4. Find support. Someone to talk to once a day. Someone who says “Me, too” can offer tremendous relief—look into PPD support groups and Mommy-and-me classes.

Rock worked through her PPD via therapy, yoga and a dietary makeover—a holistic approach that she says was liberating. She began to view her depression as a temporary after-effect of giving birth and was emboldened to have a second child three years later.

After her daughter’s birth, Rock says, her depressive episodes were shorter and less intense. She feels confident that with the proper toolkit—for her, a probiotic-heavy diet, plenty of yogic breathing and a stellar support system—PPD can be beaten. “I remember how low I felt; I remember every moment of pain and anger,” she says. “But I made it to the other side.”

One of the most important—and most difficult—means of fighting PPD is to get enough sleep after baby arrives. “Keep in mind, sleep deprivation is how we torture  prisoners,” Dunnewold says.
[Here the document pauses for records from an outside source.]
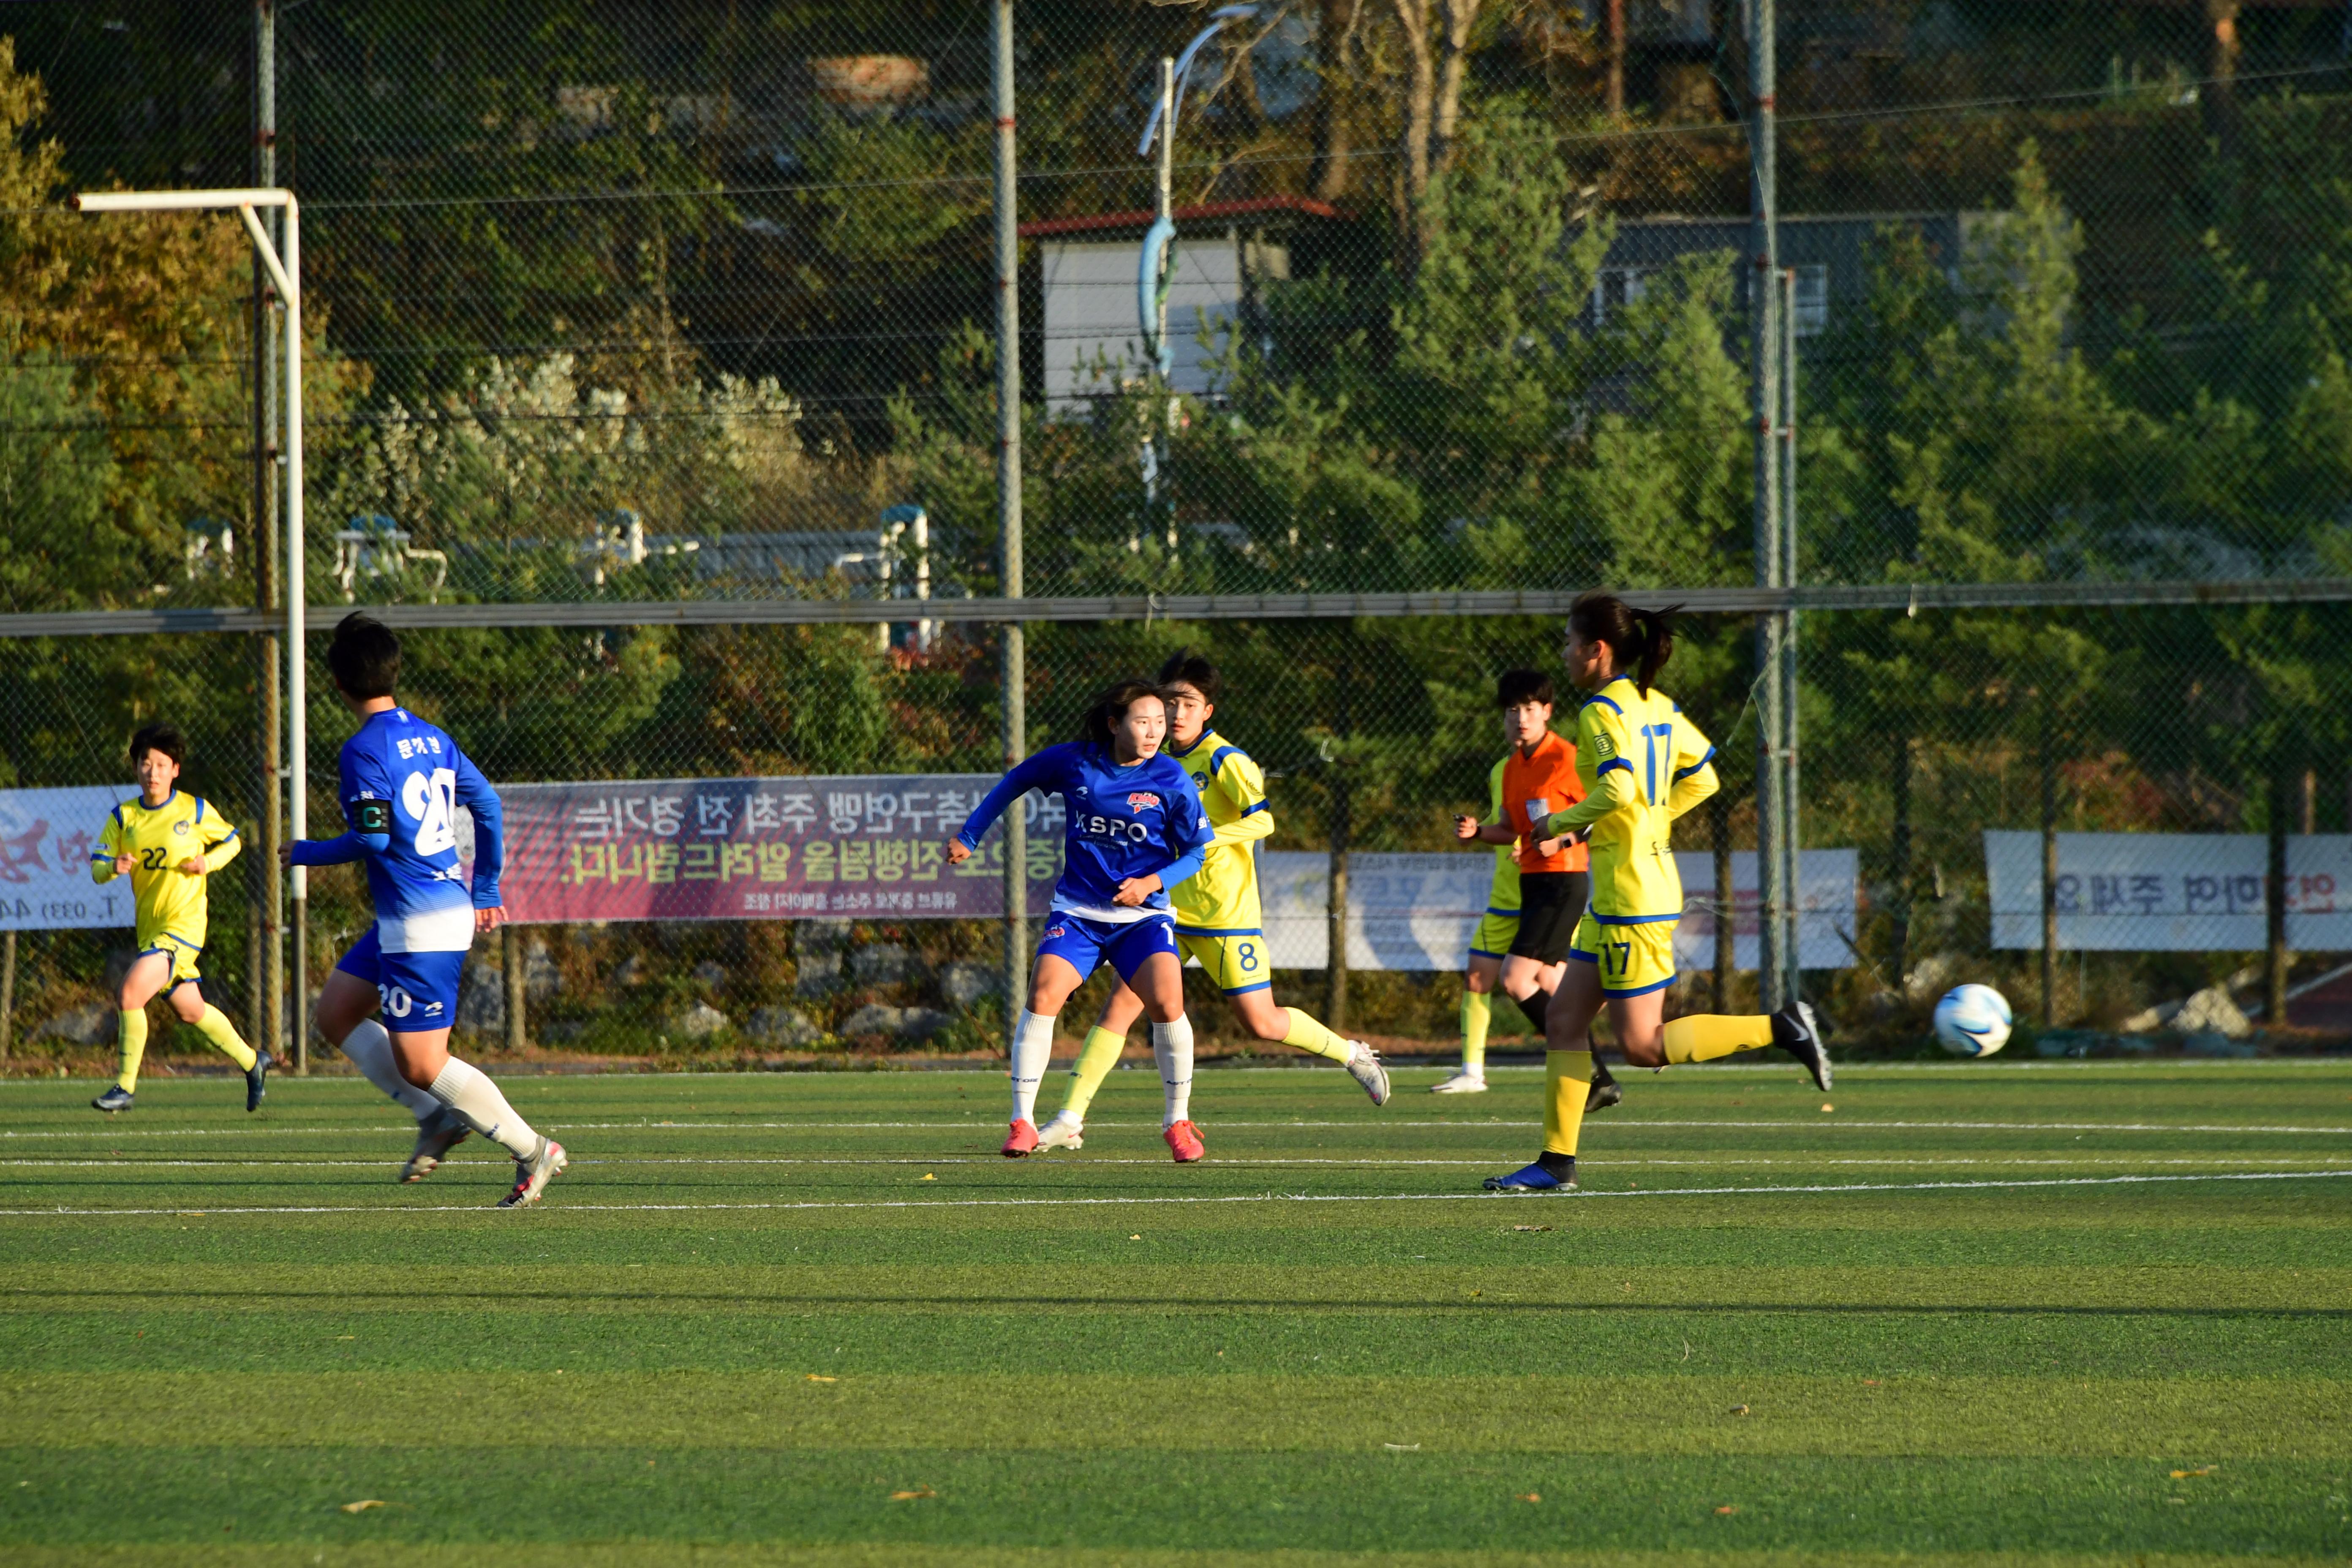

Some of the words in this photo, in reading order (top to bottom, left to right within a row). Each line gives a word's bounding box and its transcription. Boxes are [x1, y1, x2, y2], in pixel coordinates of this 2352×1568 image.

[1641, 723, 1672, 807] 17
[363, 807, 381, 828] C
[1075, 810, 1147, 842] KSPO
[141, 847, 167, 870] 22
[1238, 942, 1258, 972] 8
[1603, 942, 1630, 976] 17
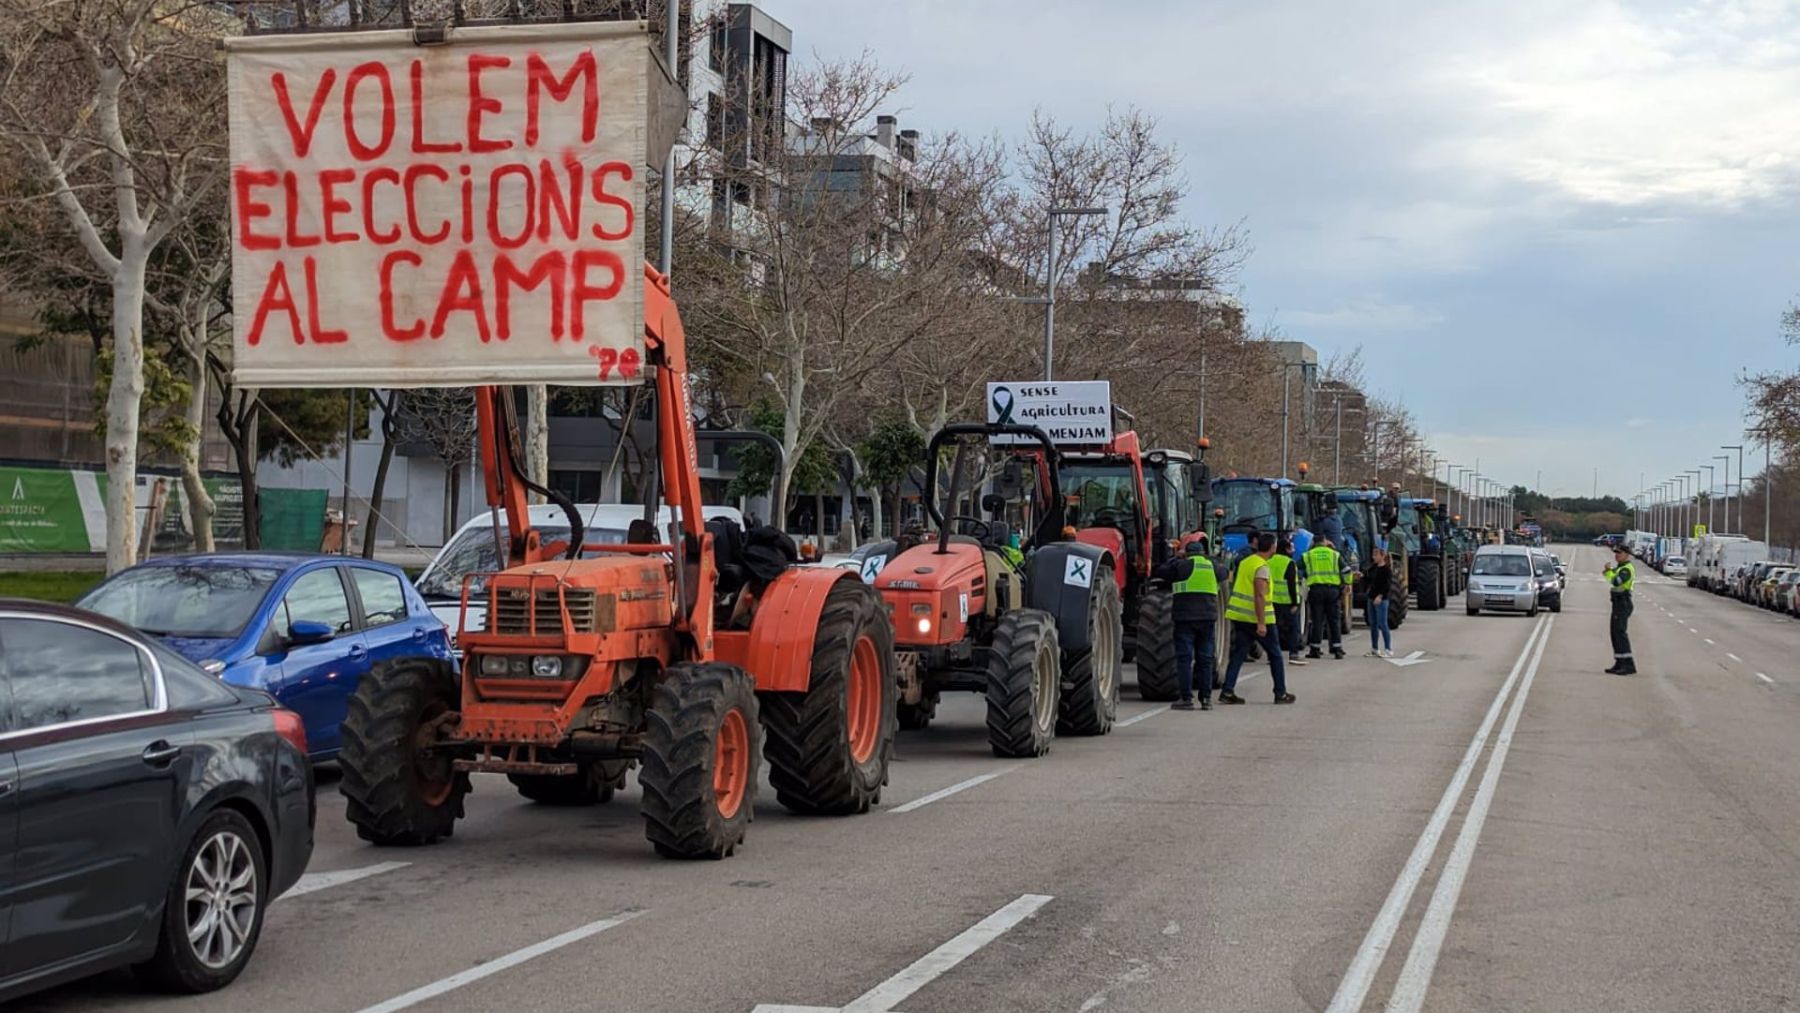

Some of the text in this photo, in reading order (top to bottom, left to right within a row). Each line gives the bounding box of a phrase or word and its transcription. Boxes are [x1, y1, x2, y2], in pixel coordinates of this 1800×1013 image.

[271, 50, 600, 162] VOLEM
[246, 248, 626, 346] AL CAMP
[1020, 386, 1058, 397] SENSE
[1049, 427, 1106, 439] MENJAM
Also key is a strong support system. “It’s not possible to exist in a vacuum and care for a child,” Sardone explains. She advises moms to find friends who can provide childcare or some quality time away from motherhood.

Dunnewold agrees. “Motherhood is like a pitcher—if you keep pouring it out, soon there will be no water left. You have to take the time to refill it. You have to take time for yourself.”